La scorsa primavera il governo bulgaro ha annunciato di voler riavviare un progetto di costruzione di un impianto nucleare nei pressi della città di Belene, in passato campo di prigionia per dissidenti politici. Continua anche in questi ultimi mesi la protesta di associazioni ambientaliste ed economisti che la considerano una scelta rischiosa non solo per la tutela ambientale e la salute pubblica ma anche per l'economia del Paese.
Il 29 aprile scorso il governo bulgaro ha preso la decisione di riavviare la costruzione di quella che diverrebbe la seconda centrale nucleare del Paese nei pressi della città di Belene, lungo il Danubio. "Si tratta del più grosso investimento degli ultimi due decenni - ha con orgoglio ricordato il Primo ministro Simeone di Sassonia Coburgo Gotha agli abitanti di Belene - abbiamo tutte le capacità per costruire un impianto che rispetti le più rigide norme sulla sicurezza. Garantirà energia stabile per i cittadini per i prossimi 50 anni e grazie a quest'ultima la Bulgaria manterrà un ruolo predominante nel mercato energetico dell'intera area".
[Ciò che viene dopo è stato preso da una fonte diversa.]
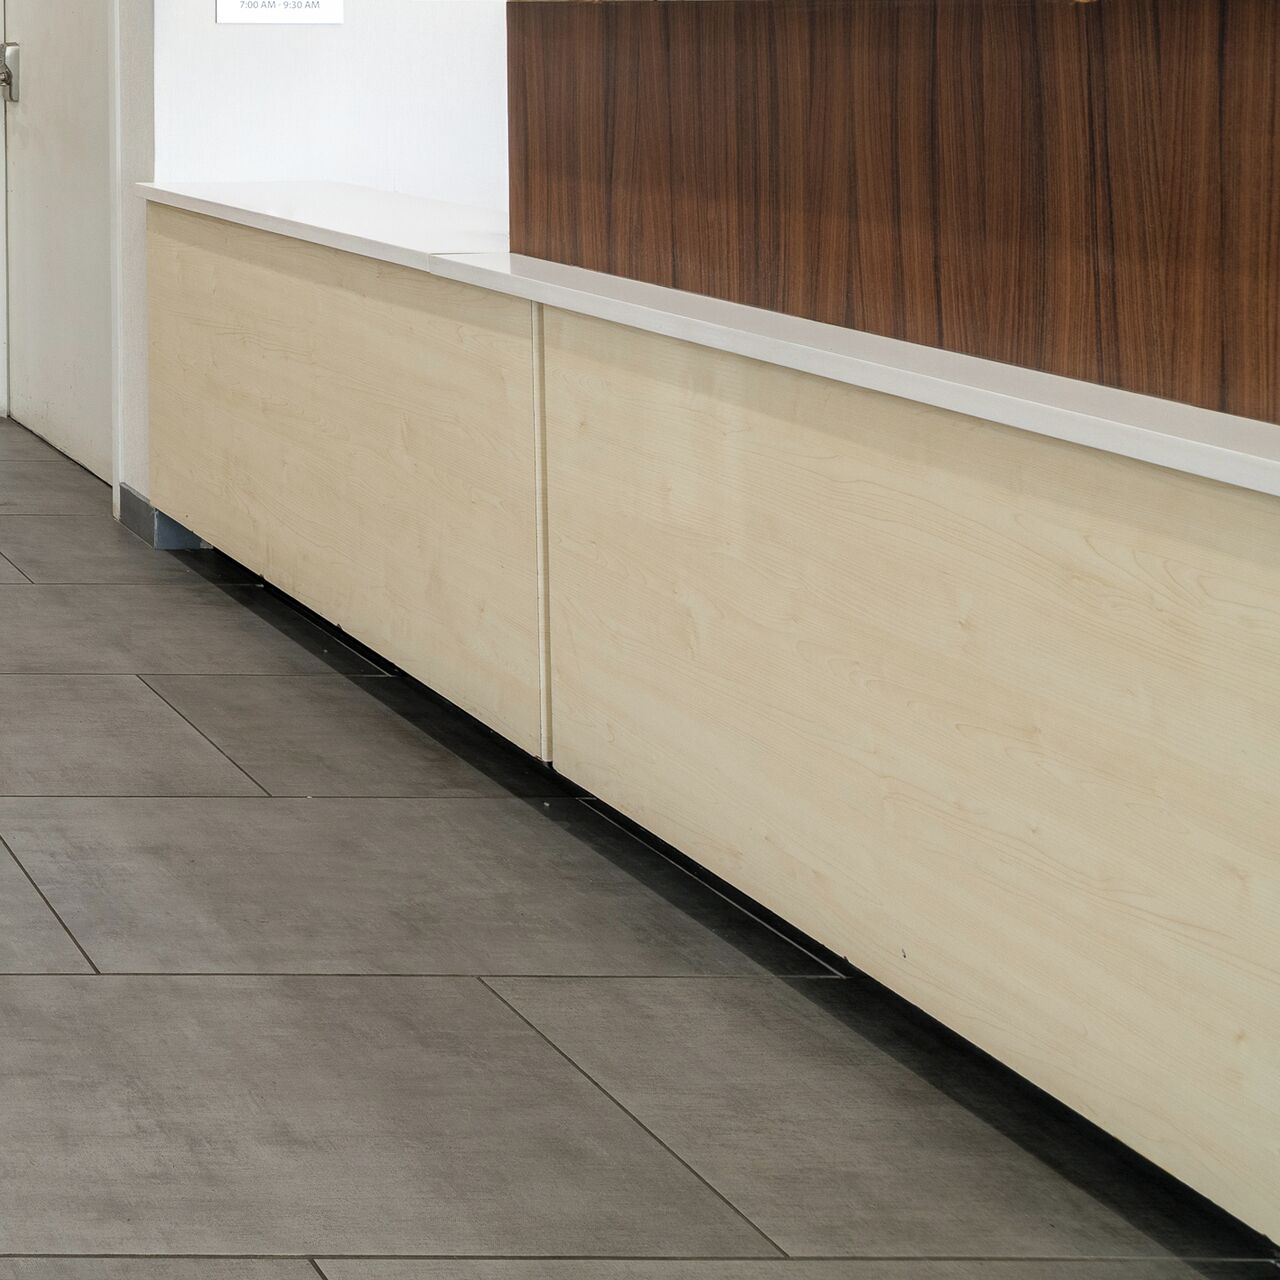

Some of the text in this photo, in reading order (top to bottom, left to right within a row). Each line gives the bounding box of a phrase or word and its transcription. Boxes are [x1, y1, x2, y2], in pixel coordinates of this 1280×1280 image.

[240, 1, 259, 9] 7:00
[261, 1, 276, 9] AM
[283, 1, 302, 9] 9:30
[304, 1, 320, 9] AM
Questa decisione del governo è stata immediatamente contestata non solo dalle associazioni ambientaliste ma anche da numerosi economisti secondo i quali difficilmente i 2,5 miliardi di euro che dovranno essere investiti nella centrale di Belene verrebbero recuperati. In seguito alla presa di posizione dell'esecutivo bulgaro si realizzò anche uno studio di impatto ambientale che è stato però criticato aspramente da Greenpeace che lo ha definito "di bassissima qualità" e che ha messo in luce come le varie opinioni espresse dagli esperti interrogati per la realizzazione dello studio sarebbero state manipolate.
Vantaggi economici?
"L'affermazione presente nella valutazione tecnico-economica che il costo dell'energia del nuovo impianto di Belene si attesterà sui 3-4 centesimi kilowattora sono irrealistiche - ha ricordato Georgi Kasciev, consulente dell'Università di Vienna ed ex direttore della Agenzia Nucleare bulgara, durante un incontro promosso all'associazione "Ecoglasnost". "L'elettricità costerà attorno ai 5.5 centesimi di euro kilowattora" ha aggiunto "e si trasformerà in una vera e propria minaccia alla sicurezza nazionale perché sarà un peso non indifferente che dovrà sopportare la nostra economia". Altri fattori di rischio sono stati elencati da Ivan Varbanov, professore presso l'Accademia economica di Sofia: la tecnologia russa, l'alta probabilità di terremoti nell'area e la possibilità di attacchi terroristici.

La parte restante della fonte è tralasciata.